** Exercise data follows **

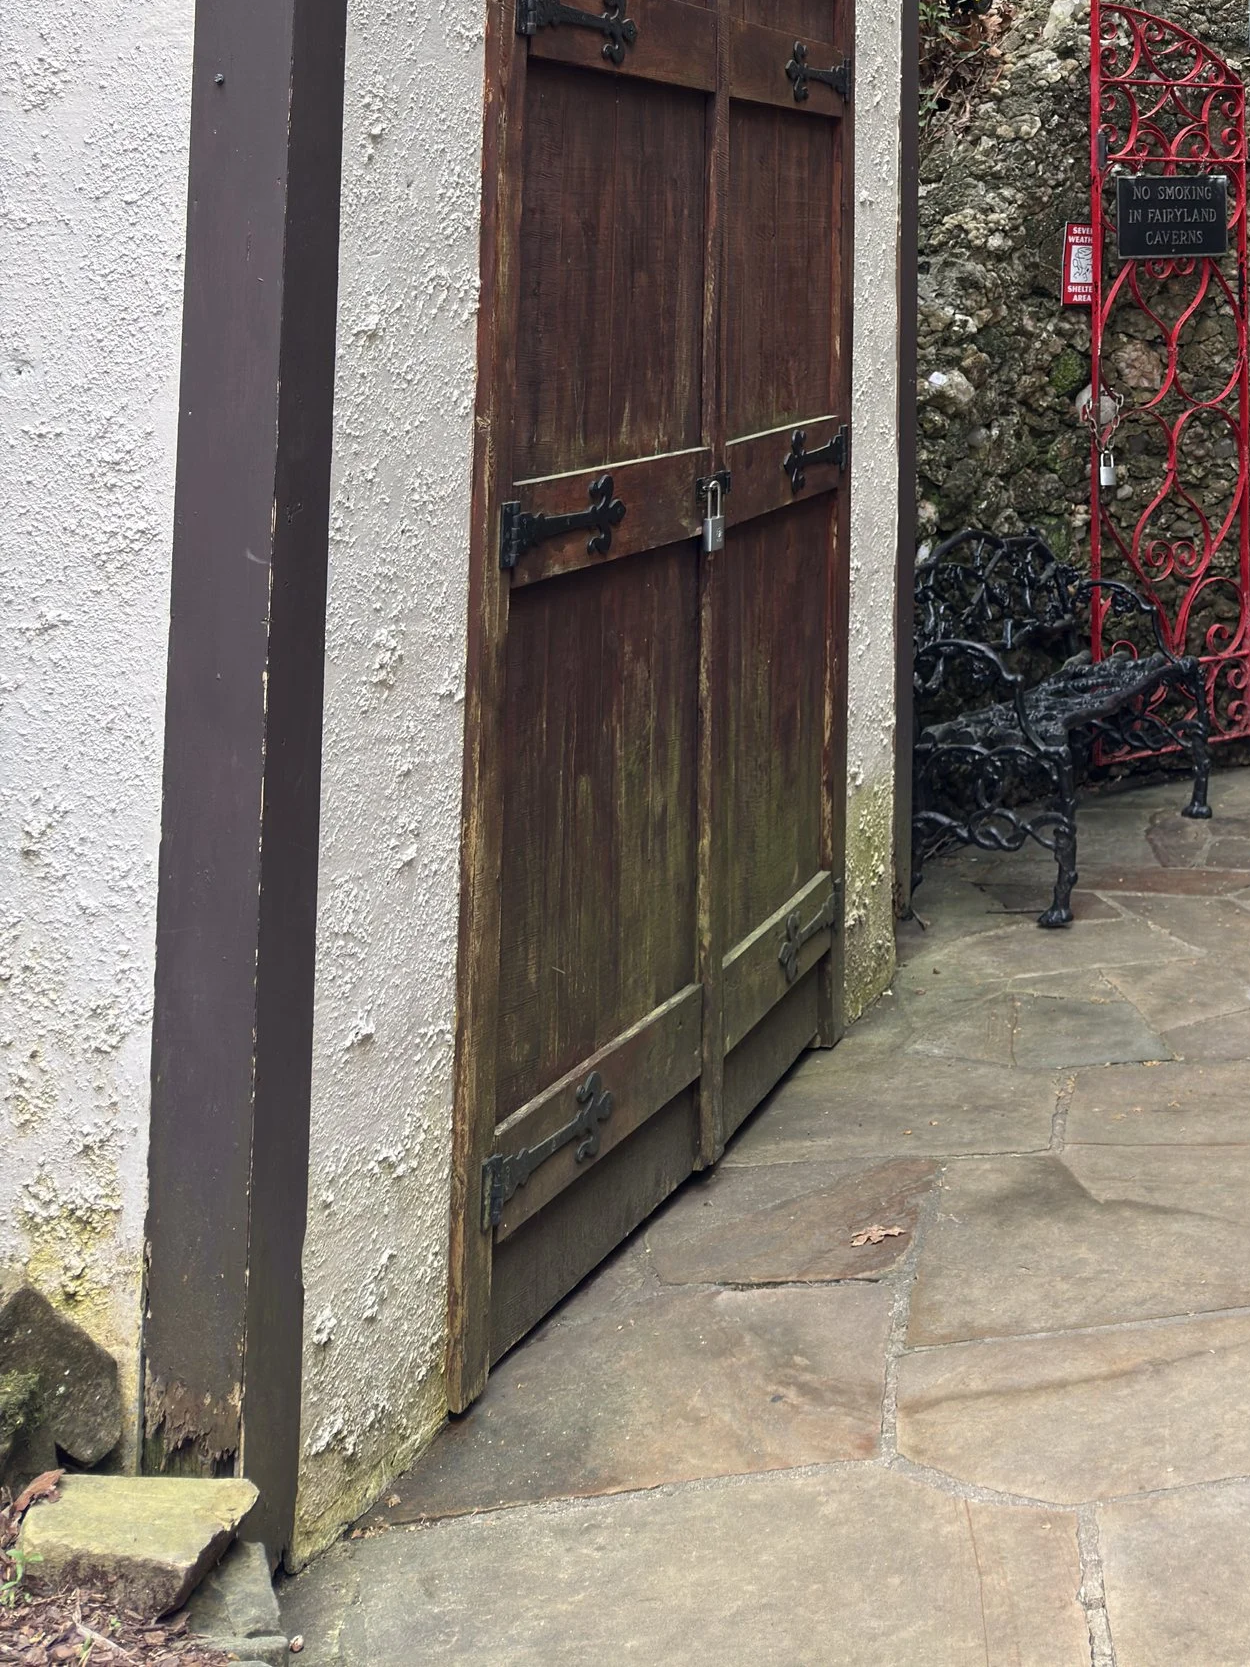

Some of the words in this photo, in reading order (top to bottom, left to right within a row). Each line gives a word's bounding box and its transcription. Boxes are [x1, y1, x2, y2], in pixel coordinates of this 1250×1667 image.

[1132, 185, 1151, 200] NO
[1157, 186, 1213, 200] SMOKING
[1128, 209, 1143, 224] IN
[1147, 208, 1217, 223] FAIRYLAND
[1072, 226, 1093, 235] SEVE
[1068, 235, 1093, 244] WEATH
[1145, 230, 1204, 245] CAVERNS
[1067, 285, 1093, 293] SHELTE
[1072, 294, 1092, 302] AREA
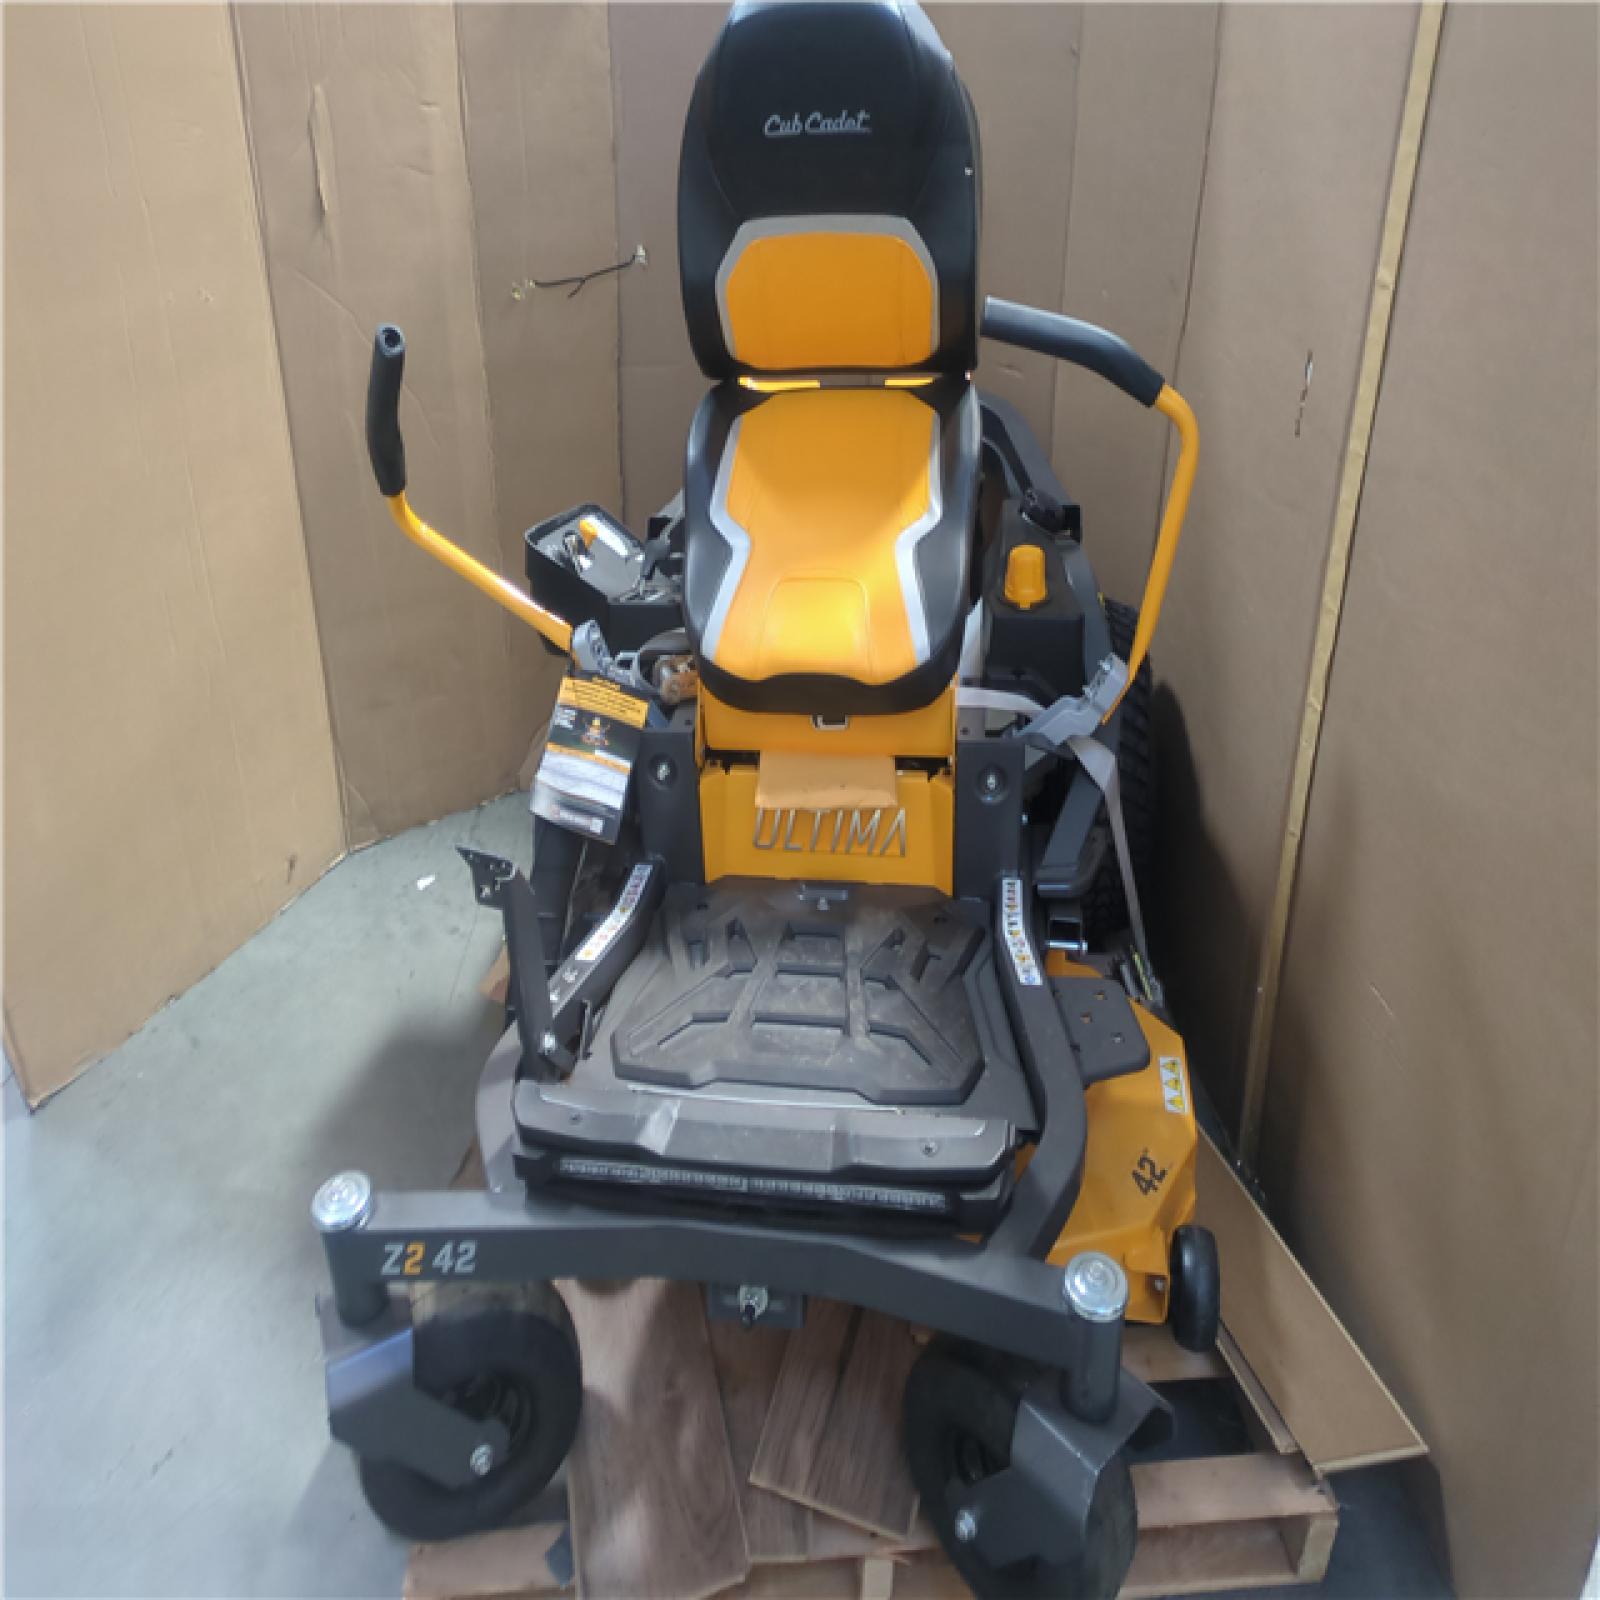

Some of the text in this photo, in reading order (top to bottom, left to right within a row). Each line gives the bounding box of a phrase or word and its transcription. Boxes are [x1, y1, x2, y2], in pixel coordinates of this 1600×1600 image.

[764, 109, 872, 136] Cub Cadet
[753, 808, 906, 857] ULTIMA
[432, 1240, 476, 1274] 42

** End of Exercise data **

Brief: The listing above must be repeated exactly, apart from the pictures.

Response below:
Some of the words in this photo, in reading order (top to bottom, left to right within a row). Each line gives a word's bounding box and its transcription. Boxes are [x1, y1, x2, y2], in pixel coordinates of this 1250×1667 image.

[1132, 185, 1151, 200] NO
[1157, 186, 1213, 200] SMOKING
[1128, 209, 1143, 224] IN
[1147, 208, 1217, 223] FAIRYLAND
[1072, 226, 1093, 235] SEVE
[1068, 235, 1093, 244] WEATH
[1145, 230, 1204, 245] CAVERNS
[1067, 285, 1093, 293] SHELTE
[1072, 294, 1092, 302] AREA

Some of the text in this photo, in reading order (top to bottom, left to right within a row). Each line gives the bounding box of a phrase or word and its transcription. Boxes are [x1, y1, x2, y2], in pixel coordinates of this 1600×1600 image.

[764, 109, 872, 136] Cub Cadet
[753, 808, 906, 857] ULTIMA
[432, 1240, 476, 1274] 42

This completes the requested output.